Segundo as informações mais recentes da CDC, África tem um risco baixo de casos importados, mas tem um alto nível de vulnerabilidade e uma três principais factores tendem a aumentar essas fragilidades. O primeiro, áreas urbanas não regulamentadas e compactas. Em 2019, cerca de 43,0% da população da África vive em áreas urbanas, inclusive em mega cidades com populações geralmente maiores que as de alguns países, como Cairo (20,5 milhões de habitantes) e Lagos (13,9 milhões de habitantes). Estados com áreas urbanas densamente compactas, de rápido crescimento e alta mobilidade populacional além-fronteiras são mais vulneráveis à propagação de doenças contagiosas. As grandes aglomerações urbanas também representam um desafio ao controlo de doenças devido a: oportunidades reduzidas de distanciamento social, falta de higiene e saneamento, que dificultam a implementação de regulamentações como lavagem e higienização regulares das mãos e hospitais e unidades de saúde limitados.

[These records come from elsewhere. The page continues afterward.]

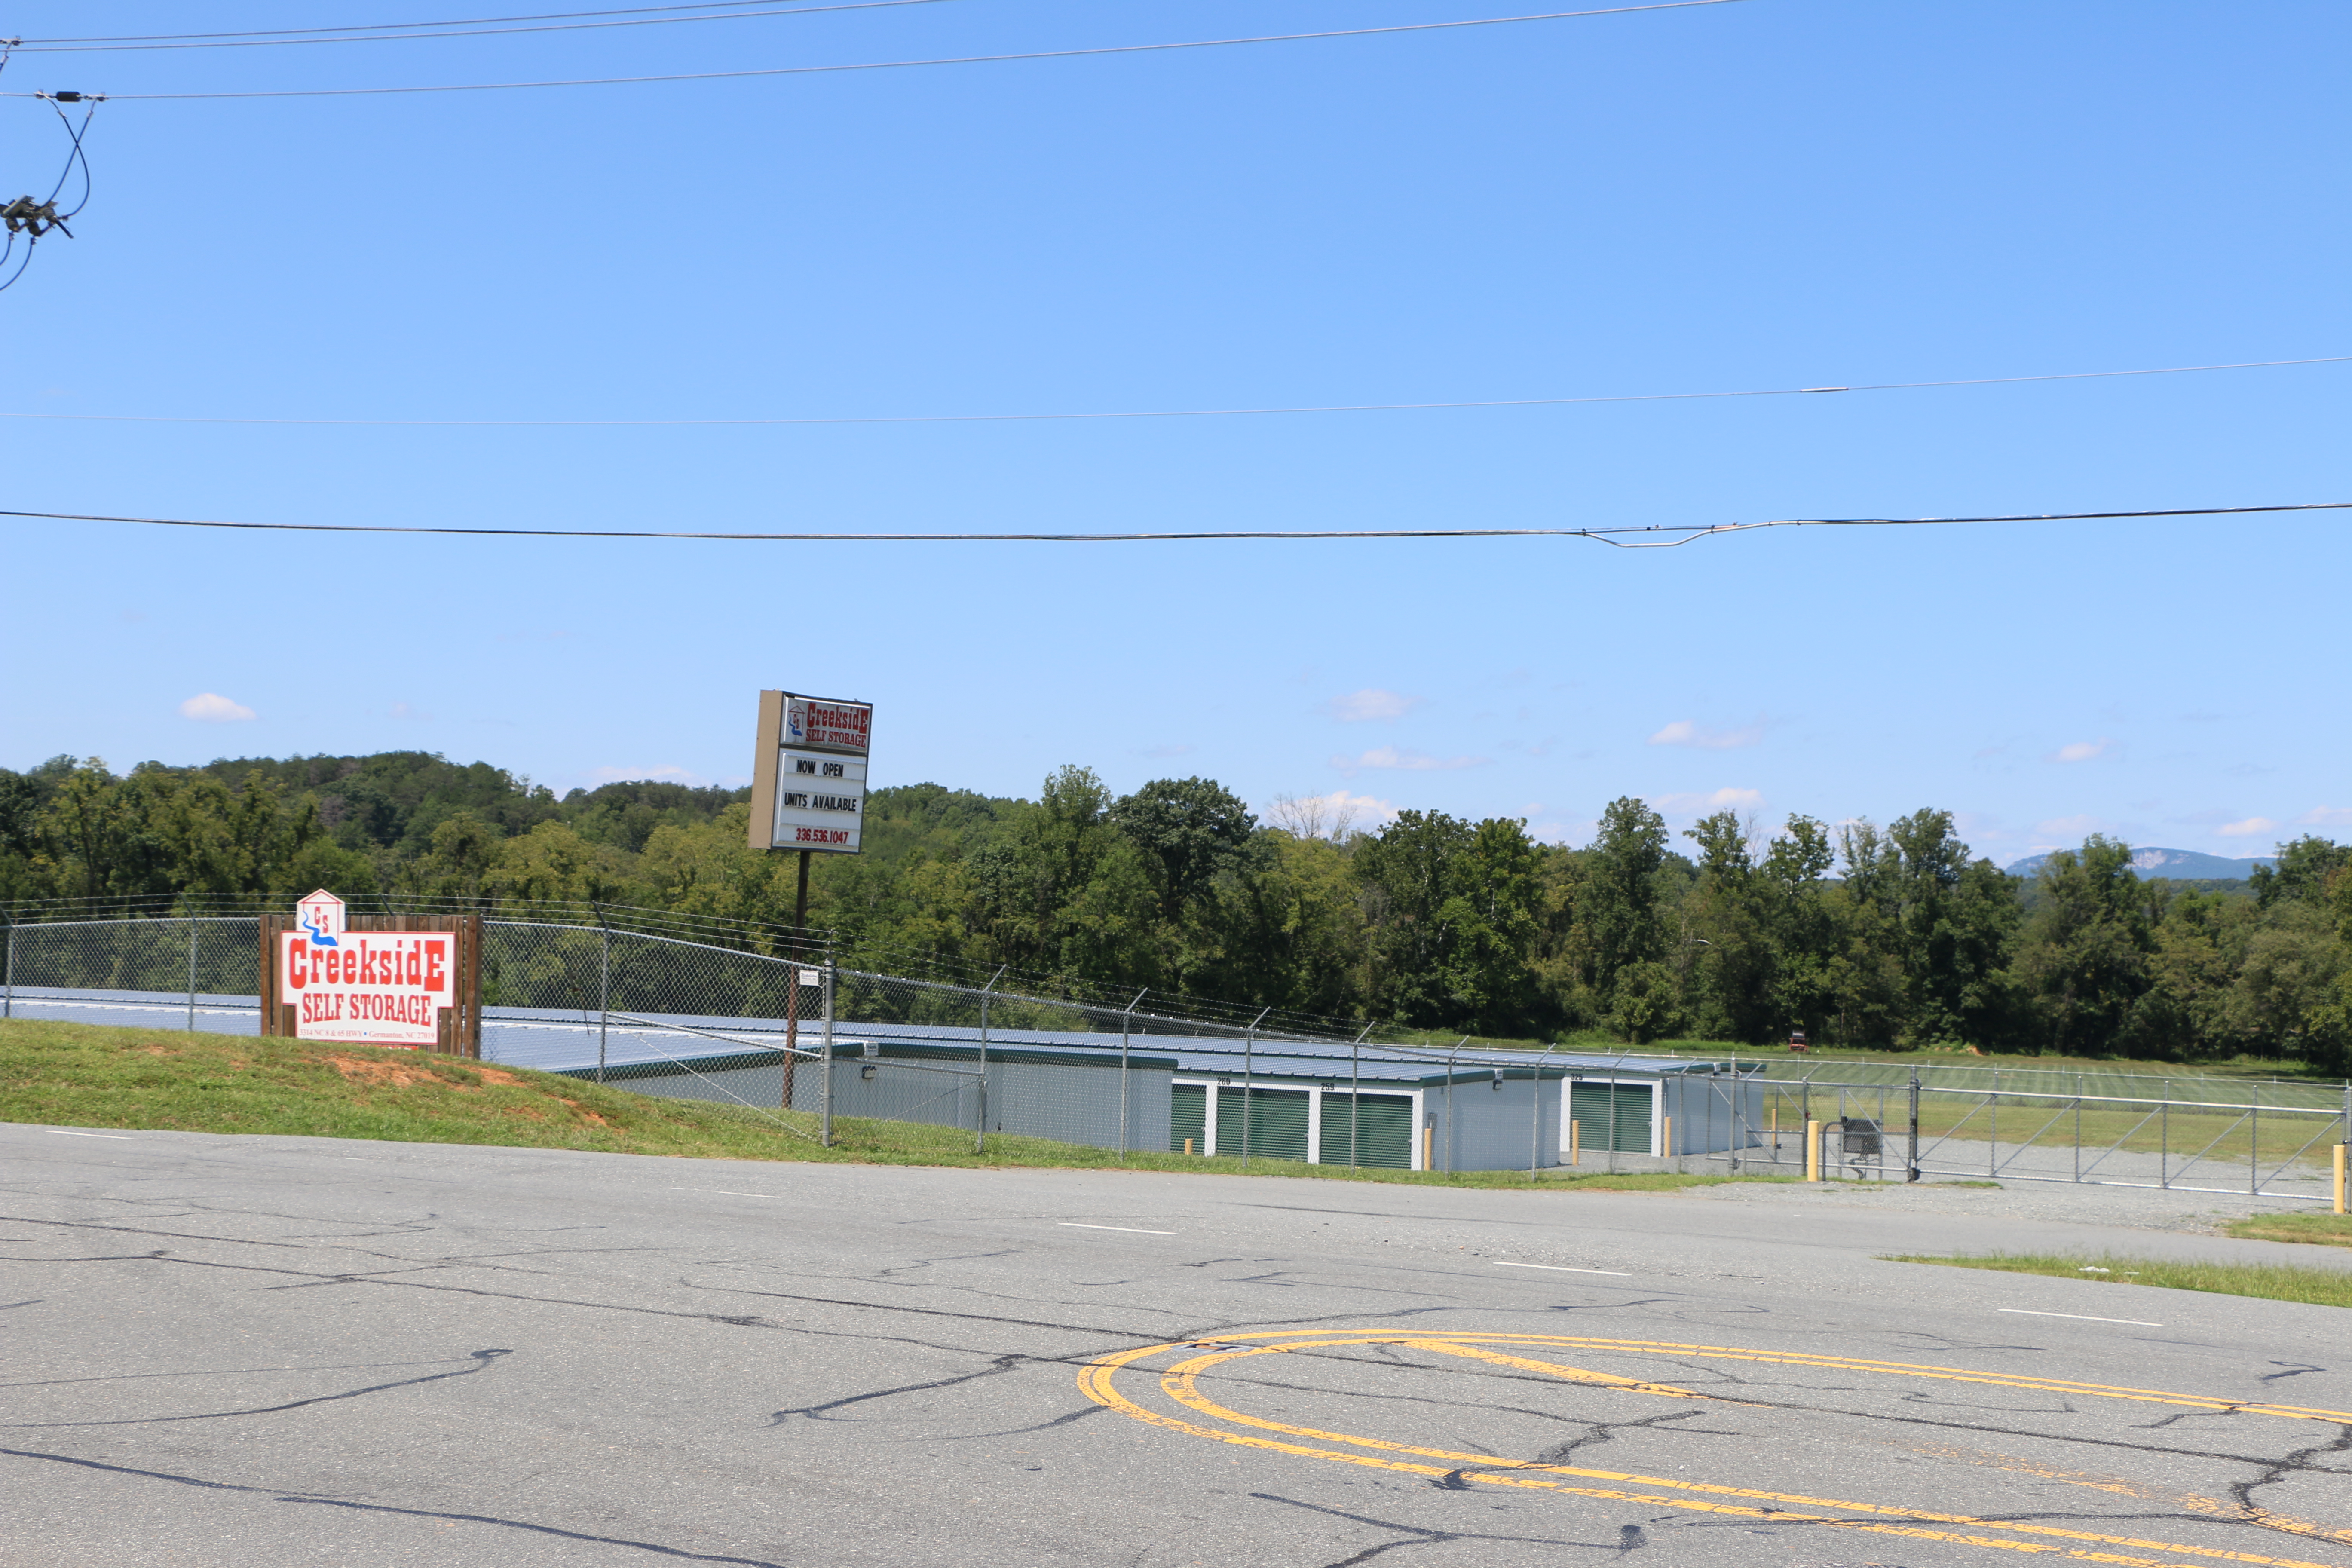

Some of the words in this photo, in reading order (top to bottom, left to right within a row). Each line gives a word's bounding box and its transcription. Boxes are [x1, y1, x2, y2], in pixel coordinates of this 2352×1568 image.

[806, 729, 826, 741] SELF
[829, 731, 866, 747] STORAGE
[797, 760, 816, 774] NOW
[823, 763, 843, 777] OPEN
[784, 793, 807, 807] UNITS
[812, 795, 857, 812] AVAILABLE
[796, 828, 849, 844] 336.536.1047
[303, 992, 344, 1024] SELF
[349, 993, 431, 1027] STORAGE
[1218, 1077, 1230, 1085] 260
[1321, 1082, 1334, 1091] 259

O segundo factor é o alto nível de doenças respiratórias. África tem 22 dos 25 países mais vulneráveis a doenças infecciosas, de acordo com o Índice de Vulnerabilidade em Doenças Infecciosas (IDVI) de 2016. A incidência de doenças infecciosas e não transmissíveis, como a doença pulmonar obstrutiva crônica (DPOC) ou a asma, é alta em África. Os portadores dessas doenças respiratórias existentes constituem a categoria mais vulnerável ao coronavírus, para quem o vírus é frequentemente letal. Doenças infecciosas como pneumonia, tuberculose ou doenças respiratórias associadas ao HIV estão também entre as doenças agudas mais comuns nas populações africanas. Além disso, alguns países africanos estão também a lutar contra doenças endémicas, como a tuberculose ou a malária, e doenças infecciosas pré-existentes, como Ebola ou febre de Lassa, além de enfrentar um aumento acentuado de doenças não transmissíveis, como a diabetes, que também aparece como um factor agravante no caso da COVID-19.

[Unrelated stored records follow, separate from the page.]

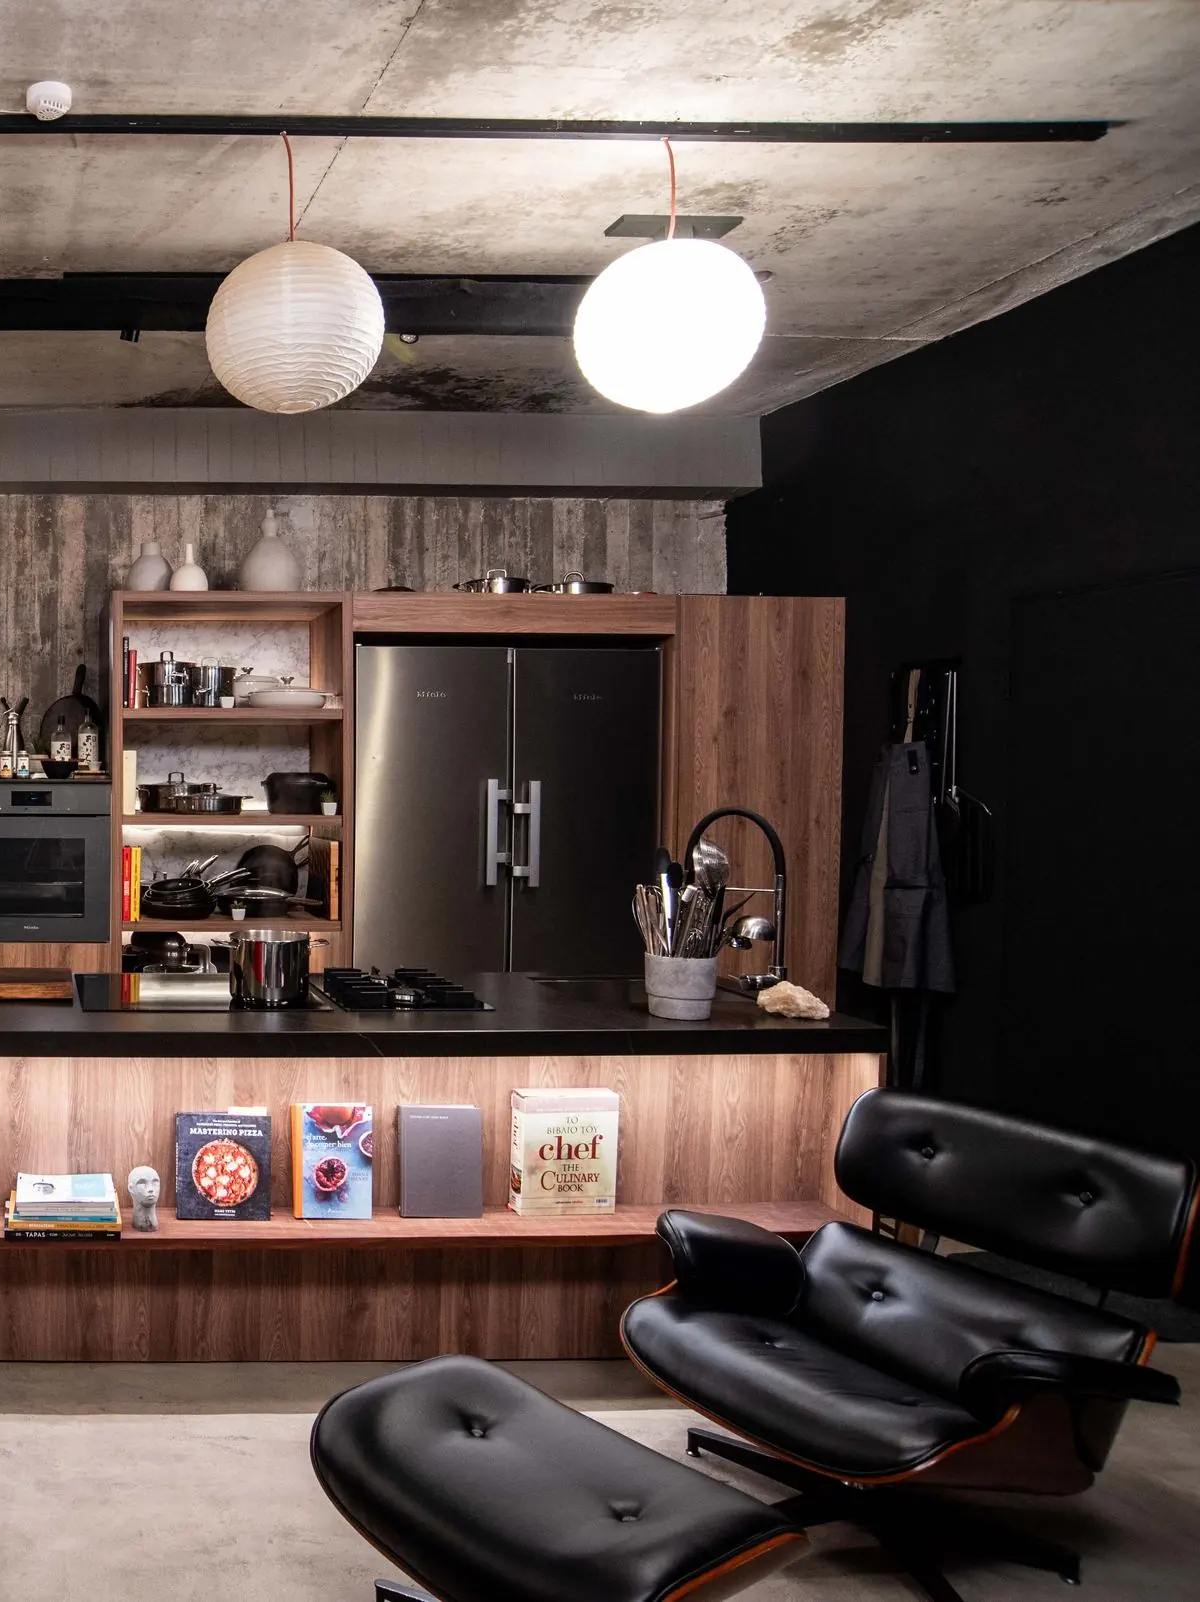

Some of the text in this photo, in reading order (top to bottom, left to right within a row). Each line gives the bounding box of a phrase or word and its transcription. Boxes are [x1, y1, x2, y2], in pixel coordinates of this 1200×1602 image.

[189, 1127, 264, 1137] MASTERING PIZZA
[538, 1134, 604, 1161] chef
[562, 1164, 580, 1172] THE
[540, 1170, 600, 1191] CULINARY
[557, 1184, 584, 1192] BOOK

Em Cabo Verde um estudo recente vai actualizar os dados que dizem respeito à diabetes e às doenças respiratórias. As últimas informações, já com uma década, apontam para uma prevalência da diabetes em 12% da população e de hipertensão em 30% da população, ambas as doenças são factores de risco no caso de infecção por Covid-19. “Teremos dados actualizados dentro de poucas semanas”, adianta Artur Correia, “mas estamos convencidos que andará à volta destes valores. Tem a ver com o processo de transição epidemiológico, é um processo inevitável e todos os países passam por isso, com o aumento da esperança de vida, a idade da população sobe. Resta-nos mitigar os efeitos dessa transição”, conclui o Director nacionall de Saúde.

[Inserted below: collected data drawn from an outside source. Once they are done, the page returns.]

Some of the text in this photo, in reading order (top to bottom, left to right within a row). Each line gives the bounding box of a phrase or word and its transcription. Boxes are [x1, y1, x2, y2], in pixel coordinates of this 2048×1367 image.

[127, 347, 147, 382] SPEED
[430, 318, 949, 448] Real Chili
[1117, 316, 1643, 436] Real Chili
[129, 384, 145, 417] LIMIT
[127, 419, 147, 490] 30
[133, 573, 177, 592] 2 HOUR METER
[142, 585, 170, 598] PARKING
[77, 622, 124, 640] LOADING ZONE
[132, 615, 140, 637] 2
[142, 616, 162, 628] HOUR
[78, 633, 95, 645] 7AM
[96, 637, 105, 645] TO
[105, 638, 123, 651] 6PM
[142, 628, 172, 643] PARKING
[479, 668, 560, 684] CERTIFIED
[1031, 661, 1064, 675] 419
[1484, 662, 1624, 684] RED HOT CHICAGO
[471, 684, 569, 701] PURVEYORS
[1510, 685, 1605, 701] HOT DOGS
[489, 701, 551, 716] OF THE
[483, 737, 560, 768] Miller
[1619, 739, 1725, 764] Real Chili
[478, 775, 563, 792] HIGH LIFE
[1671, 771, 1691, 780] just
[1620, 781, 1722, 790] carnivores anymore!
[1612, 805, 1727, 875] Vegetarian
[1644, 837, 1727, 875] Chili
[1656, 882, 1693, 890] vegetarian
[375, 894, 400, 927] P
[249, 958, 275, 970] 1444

Por último, fracas estruturas de saúde e capacidades institucionais, é outra das debilidades apontada. Esta última é bem visível, por exemplo, no número de médicos por 10.000 pessoas, onde a África Subsaariana apresenta a média mais baixa a nível global. Esta é uma variável normalmente usada para medir a qualidade da assistência médica. A nível regional, a média da África Subsaariana, entre os anos de 2010 a 2018, é de 2,1 médicos por 10.000 pessoas. Em comparação, na Europa e Ásia Central e na América Latina e no Caribe, as duas regiões com melhor desempenho, o número médio de médicos é de 24,9 e 21,6, respectivamente. Em média, durante o mesmo período, nenhum país africano conseguiu surgir no terço superior dos países, enquanto que nove países africanos alcançaram o terço médio global: Líbia (21,6 médicos por 10.000 pessoas), Maurícias (20,2), Argélia (18,3), Tunísia (12,7), Seicheles (9,5), África do Sul (9,1), Egito (7,9), Cabo Verde (7,7) e Marrocos (7,3). Os cinco países africanos com pior desempenho tiveram em média de menos de 0,5 médicos por 10.000 pessoas: Tanzânia, Libéria, Serra Leoa, Somália e Malawi.
Texto originalmente publicado na edição impressa do Expresso das Ilhas nº 972 de 15 de Julho de 2020.